OpenClaw has two separate streaming layers:

Block streaming (channels): emit completed blocks as the assistant writes. These are normal channel messages (not token deltas).
Preview streaming (Telegram/Discord/Slack): update a temporary preview message while generating.

There is no true token-delta streaming to channel messages today. Preview streaming is message-based (send + edits/appends).

Block streaming (channel messages)

Block streaming sends assistant output in coarse chunks as it becomes available.

Model output
  └─ text_delta/events
       ├─ (blockStreamingBreak=text_end)
       │    └─ chunker emits blocks as buffer grows
       └─ (blockStreamingBreak=message_end)
            └─ chunker flushes at message_end
                   └─ channel send (block replies)

Legend:

text_delta/events: model stream events (may be sparse for non-streaming models).
chunker: EmbeddedBlockChunker applying min/max bounds + break preference.
channel send: actual outbound messages (block replies).

Controls:

agents.defaults.blockStreamingDefault: "on"/"off" (default off).
Channel overrides: *.blockStreaming (and per-account variants) to force "on"/"off" per channel.
agents.defaults.blockStreamingBreak: "text_end" or "message_end".
agents.defaults.blockStreamingChunk: { minChars, maxChars, breakPreference? }.
agents.defaults.blockStreamingCoalesce: { minChars?, maxChars?, idleMs? } (merge streamed blocks before send).
Channel hard cap: *.textChunkLimit (e.g., channels.whatsapp.textChunkLimit).
Channel chunk mode: *.chunkMode (length default, newline splits on blank lines (paragraph boundaries) before length chunking).
Discord soft cap: channels.discord.maxLinesPerMessage (default 17) splits tall replies to avoid UI clipping.

Boundary semantics:

text_end: stream blocks as soon as chunker emits; flush on each text_end.
message_end: wait until assistant message finishes, then flush buffered output.

message_end still uses the chunker if the buffered text exceeds maxChars, so it can emit multiple chunks at the end.

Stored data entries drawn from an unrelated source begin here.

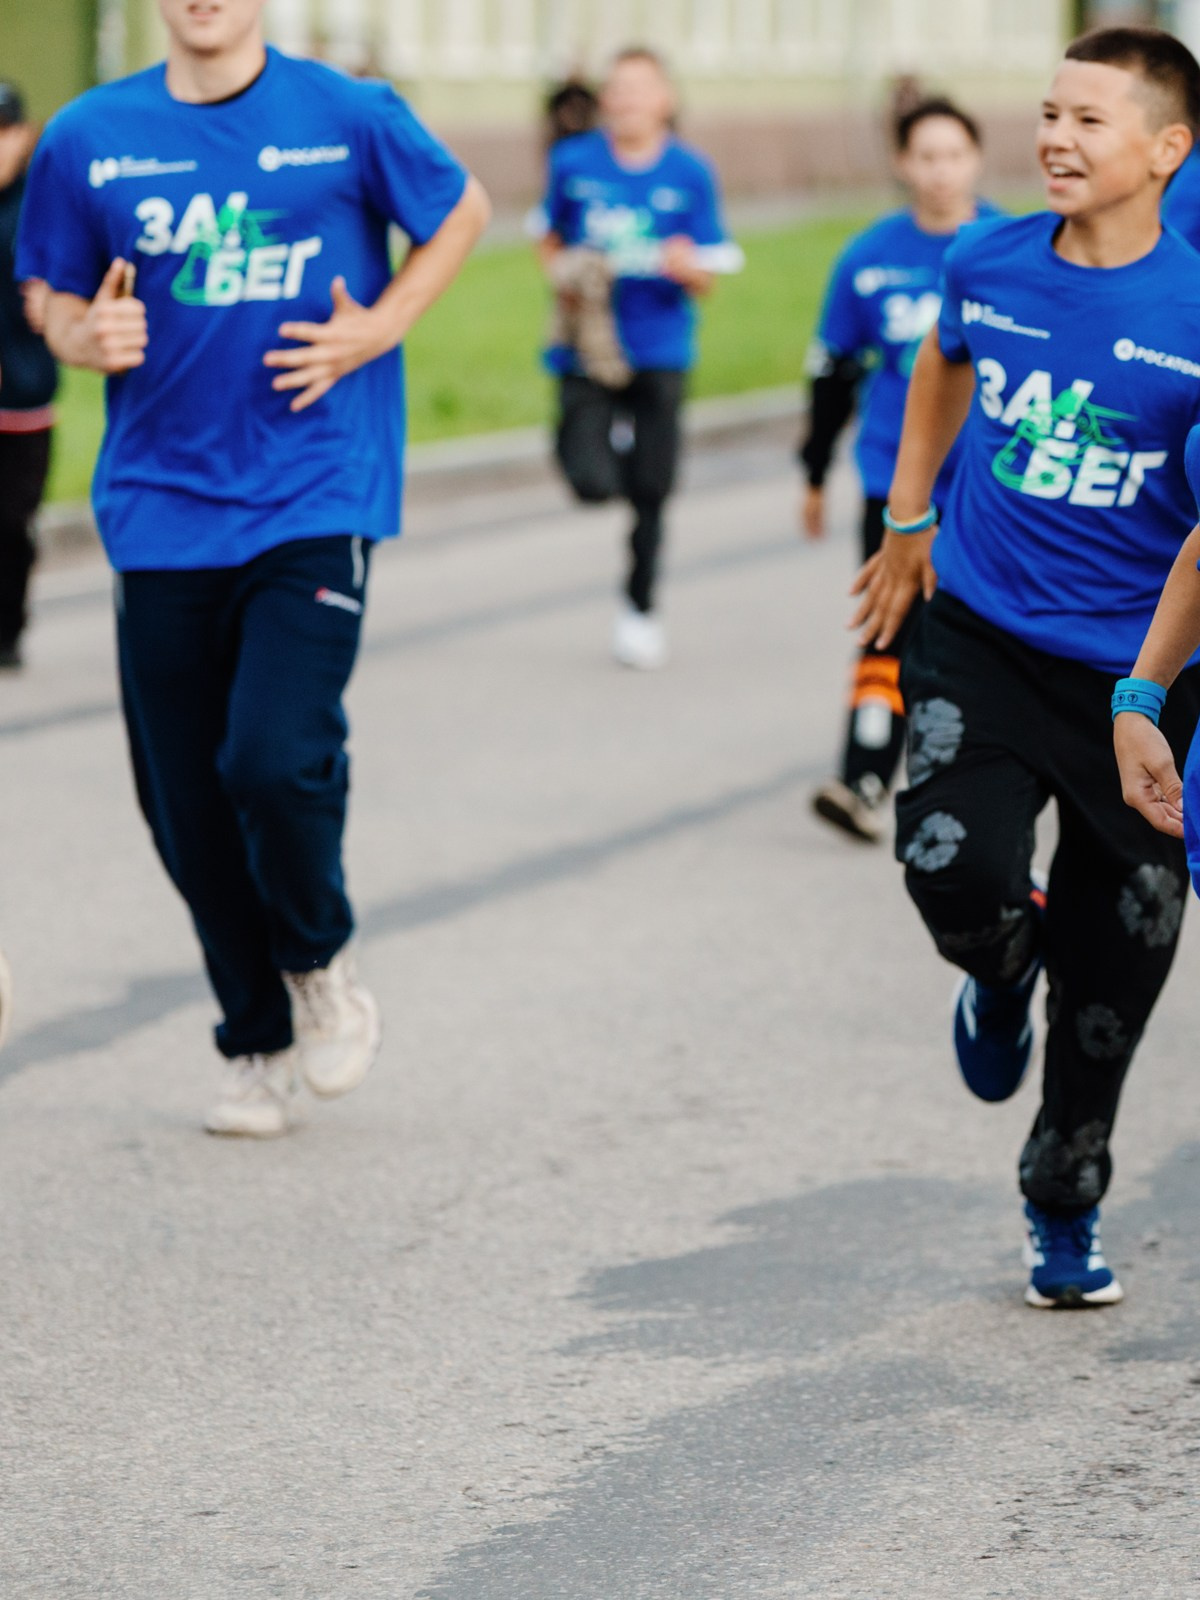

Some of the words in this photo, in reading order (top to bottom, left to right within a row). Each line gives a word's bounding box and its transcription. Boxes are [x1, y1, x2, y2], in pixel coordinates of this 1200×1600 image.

[135, 190, 248, 257] ЗА!
[204, 235, 322, 306] БЕГ
[977, 357, 1095, 440] ЗА!
[1020, 437, 1169, 508] БЕГ
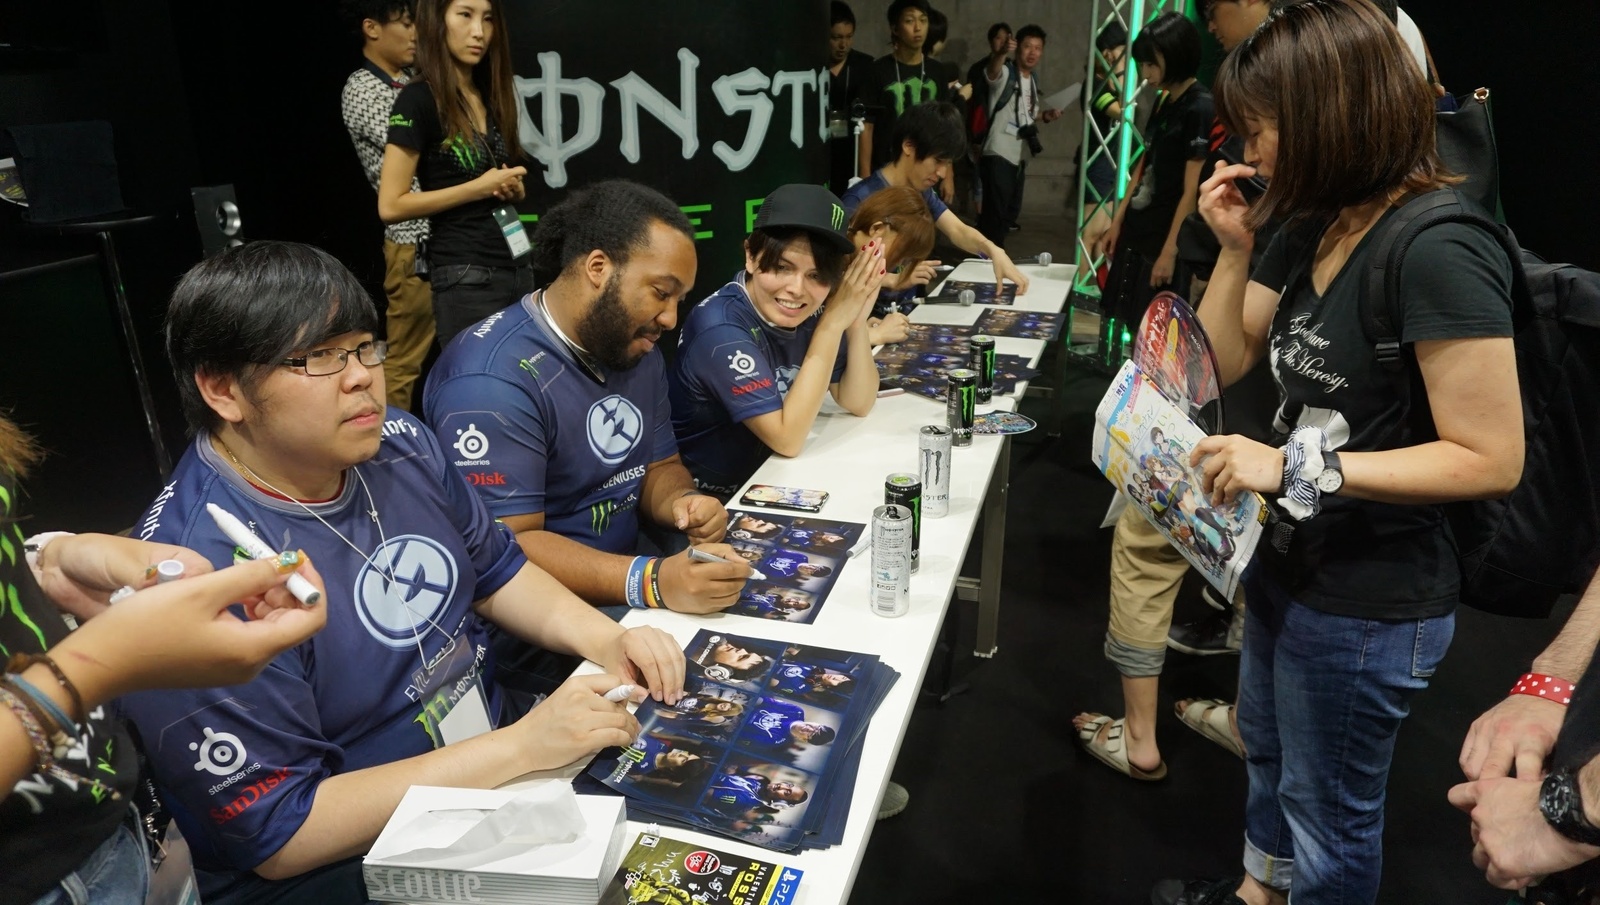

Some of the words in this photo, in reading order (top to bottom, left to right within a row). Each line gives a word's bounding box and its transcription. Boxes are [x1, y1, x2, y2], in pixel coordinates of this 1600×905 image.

[512, 47, 830, 188] ONSTE
[466, 471, 507, 487] Disk
[208, 761, 262, 796] steelseries
[210, 765, 295, 825] SanDisk

Media delivery with block streaming

MEDIA: directives are normal delivery metadata. When block streaming sends a media block early, OpenClaw remembers that delivery for the turn. If the final assistant payload repeats the same media URL, the final delivery strips the duplicate media instead of sending the attachment again. Exact duplicate final payloads are suppressed. If the final payload adds distinct text around media that was already streamed, OpenClaw still sends the new text while keeping the media single-delivery. This prevents duplicate voice notes or files on channels such as Telegram when an agent emits MEDIA: during streaming and the provider also includes it in the completed reply.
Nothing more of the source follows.